Airlines, cargo carriers and other fleet operators can easily miss out on something rightfully theirs: reimbursement from repair vendors and OEMs for parts that are under warranty. The reasons can range from claims being inadvertently denied to the carrier not having the resources or expertise to successfully identify, justify, track and challenge denied claims.
No matter the cause, the consequences are the same. Operators spend more money than they should and suffer operational inefficiencies and impact. A partner with experience in aircraft maintenance, engineering and warranty adjudication can help airline supply chain and component repair teams identify warrantable items, issue and track claims, and ultimately deliver warranty claim value. A partner effectively holds repair vendors and OEMs more accountable to the obligations of their service-level agreements (SLAs). Savings involve both new and used parts and aircraft and come by avoiding costs including part exchanges or replacement, repairs and labor. Success is achieved through a value-share model where the partner makes money only when the carrier saves money.
For airlines and other carriers, repairing aircraft and returning them to service is understandably the top priority. Take a part off, replace it, move on to the next problem. Amid day-to-day operational demands and lean staffing, warranty claim opportunities can be easily lost.
Big-ticket items such as air turbine starters or steering manifolds might catch the carrier’s attention, but smaller, regularly replaced warranty-eligible items such as exhaust fans and light assemblies slip by.
Many different factors come into play:
- The airline doesn’t realize the part is eligible for coverage.

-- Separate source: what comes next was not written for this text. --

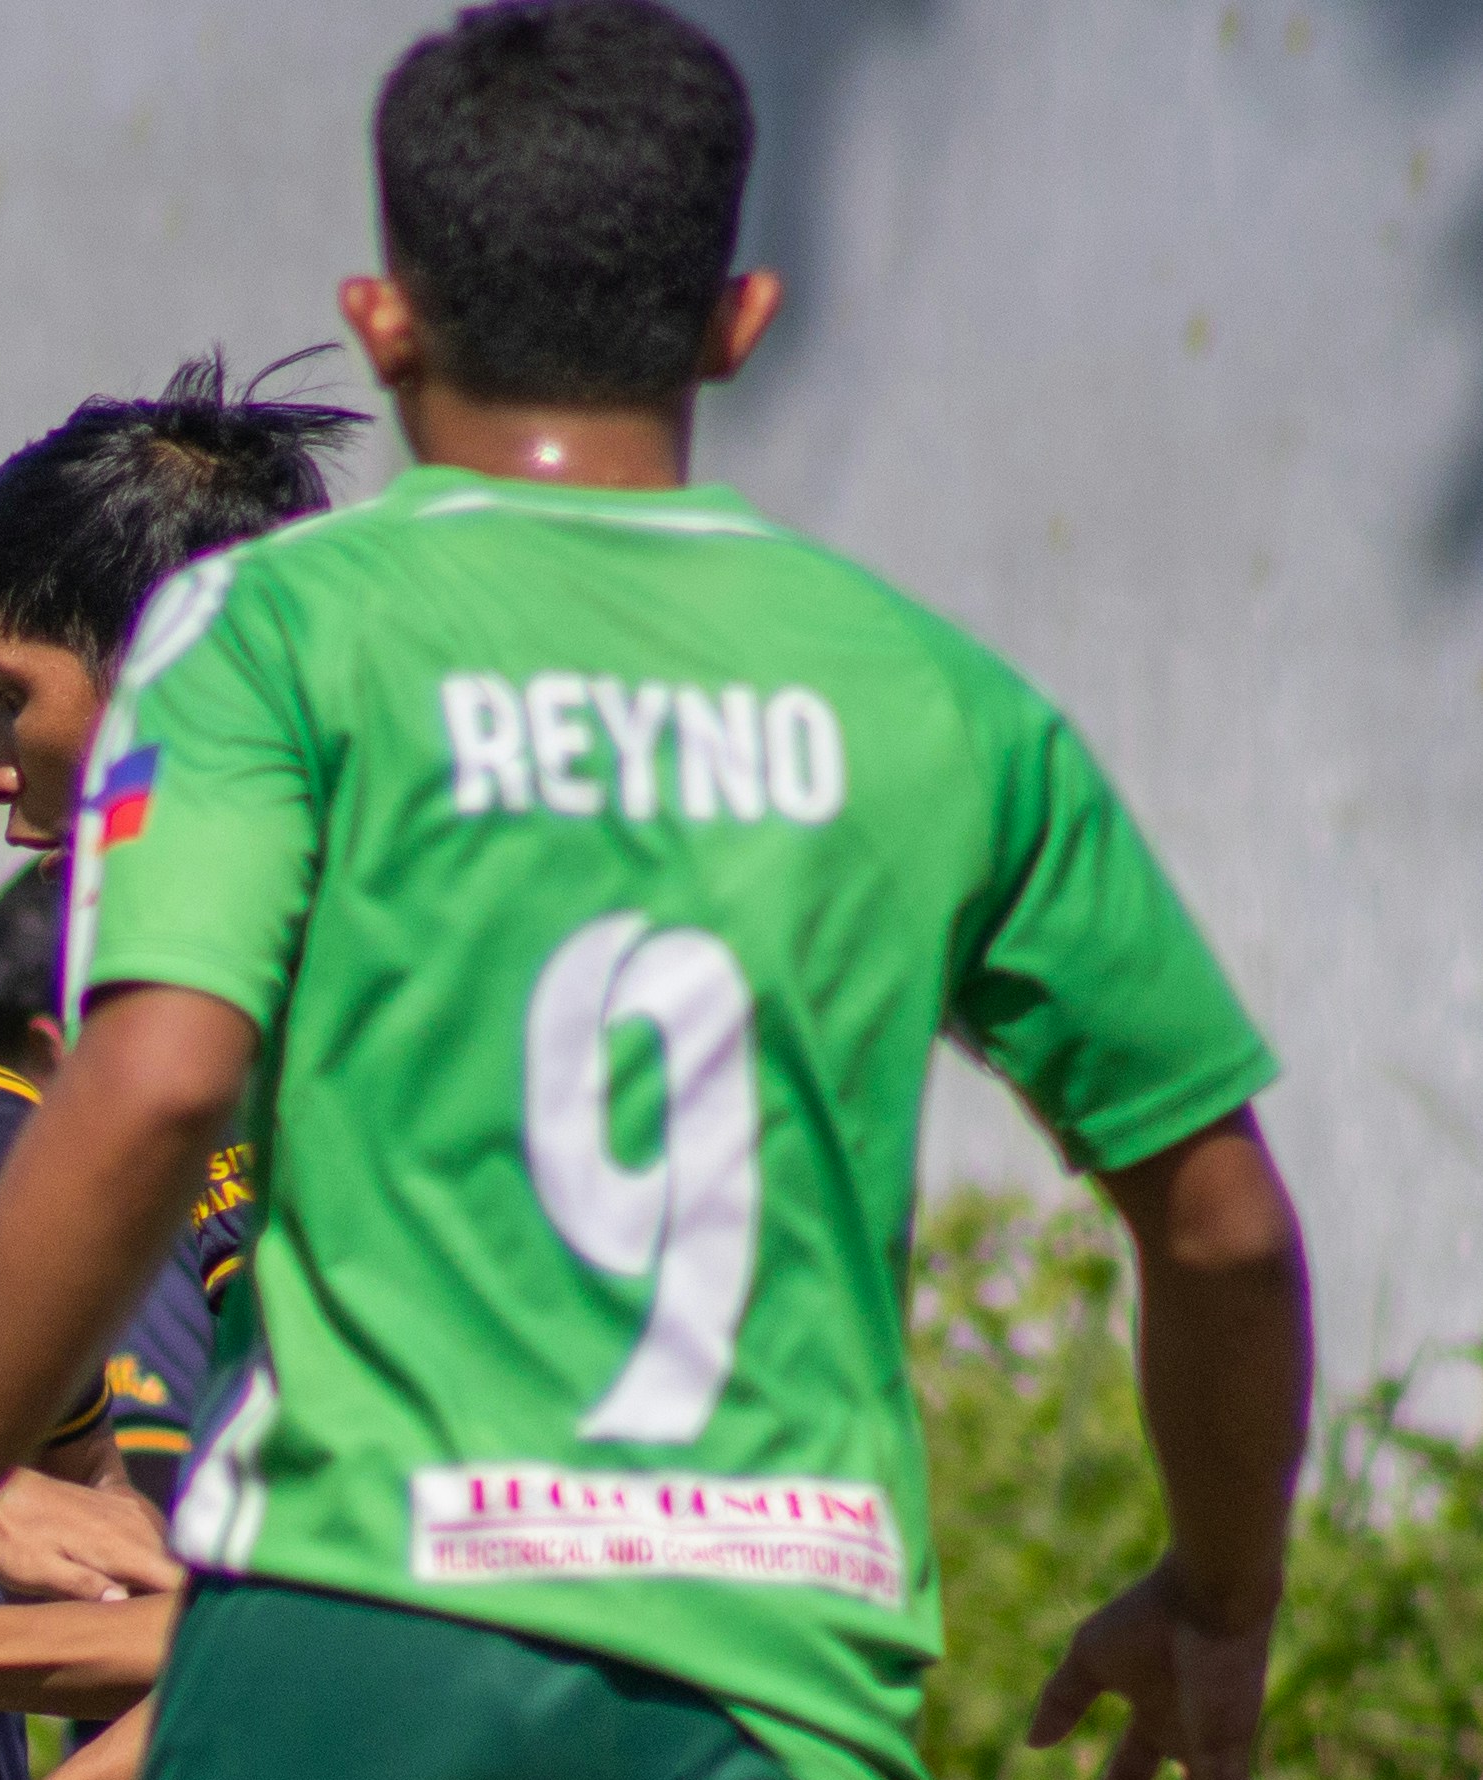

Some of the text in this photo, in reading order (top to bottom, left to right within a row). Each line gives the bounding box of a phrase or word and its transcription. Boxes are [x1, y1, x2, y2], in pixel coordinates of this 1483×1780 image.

- Vendors don’t realize a warranty claim has been made.
- When a claim is rejected, the carrier accepts the denial or chooses not to dispute it.

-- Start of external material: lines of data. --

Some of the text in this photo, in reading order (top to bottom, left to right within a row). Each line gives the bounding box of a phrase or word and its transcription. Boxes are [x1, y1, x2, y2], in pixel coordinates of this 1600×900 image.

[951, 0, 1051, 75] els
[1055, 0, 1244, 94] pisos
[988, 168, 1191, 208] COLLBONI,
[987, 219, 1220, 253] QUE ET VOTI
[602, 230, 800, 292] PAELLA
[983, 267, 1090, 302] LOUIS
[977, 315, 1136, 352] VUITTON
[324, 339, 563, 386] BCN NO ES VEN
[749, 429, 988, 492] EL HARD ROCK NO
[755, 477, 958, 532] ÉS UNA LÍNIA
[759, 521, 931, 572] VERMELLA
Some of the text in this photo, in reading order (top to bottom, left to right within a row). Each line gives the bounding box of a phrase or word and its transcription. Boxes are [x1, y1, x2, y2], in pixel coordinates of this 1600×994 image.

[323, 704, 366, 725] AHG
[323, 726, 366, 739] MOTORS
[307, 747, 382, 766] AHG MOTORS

- Tracking claims to conclusion gets lost in the shuffle amid heavy workload and large claim volumes.
- Warranty terms may be difficult to identify. For instance, a part bought outright from a vendor may have a one-year warranty. The same part, when pulled off a new aircraft, may have a multiyear warranty.
- As preferred vendors change, an airline sends a part to their new preferred vendor instead of a former vendor who’s responsible for the warranty.
- An airline’s existing component repair/warranty team lacks the technical expertise to properly diagnose an invoice or tear-down report.
Hard-to-diagnose issues involving OEM workmanship can be warranty matters, considering they can lead to costly groundings.
SeaTec can apply its engineering, materials, maintenance and warranty adjudication expertise to help supply chain and component repair organizations maximize their cost avoidance.
With the customer’s consensus, our dedicated warranty team gets a first look at examining unserviceable parts coming off an aircraft. Ideally, we do this by gaining access to key maintenance system data feeds, causing minimal disruption to existing workflows.
If we determine the part may be covered, we file a claim on behalf of the airline, applying technical expertise beyond what a warranty/repair order clerk or other employee might. If the claim is denied without merit, we initiate an appeal based on relevant, technical evidence. If a part is slated to be sent to the wrong vendor, our team intervenes with the airline’s materials department to ensure it’s rerouted appropriately to gain coverage. We track each claim through to its conclusion, which we define as the repaired or replaced part being received back into inventory.
Some parts, such as batteries, wheels and brakes, are inherently not eligible for warranty, or not practical for warranty consideration. Other parts may not qualify due to customer-induced damage (CID) or no fault found (NFF). When this happens, our team carefully reviews the vendor or OEM response and tear-down report and performs our own internal assessment to validate.
Our team can also pursue aircraft out of service (AOS) events caused by OEM defects or quality escapes following a heavy maintenance visit (HMV) that impact the operation of both new and used aircraft. Claims like these can incur expenses across a wide spectrum of sources including on-call maintenance providers, specialized maintenance services and AOS cost.
It’s not only potential claims that our engineers identify. They also spot patterns such as parts with high rates of failure. Or they zero in on component parts that are repeatedly deemed by vendors to have NFF or CID. In such cases, visibility into this data allows the airline to reassess its part failure troubleshooting approach or handling procedures, while potentially reducing inventory as a result.
Overall, three simple principles apply when SeaTec manages the warranty process:
- We’re committed to defending the rights of our customers, while helping them gain dollars and efficiency.
- We’re committed to holding our customer’s repair vendors and OEMs accountable to the contractual SLAs.
- If our customers don’t save money, we don’t make money.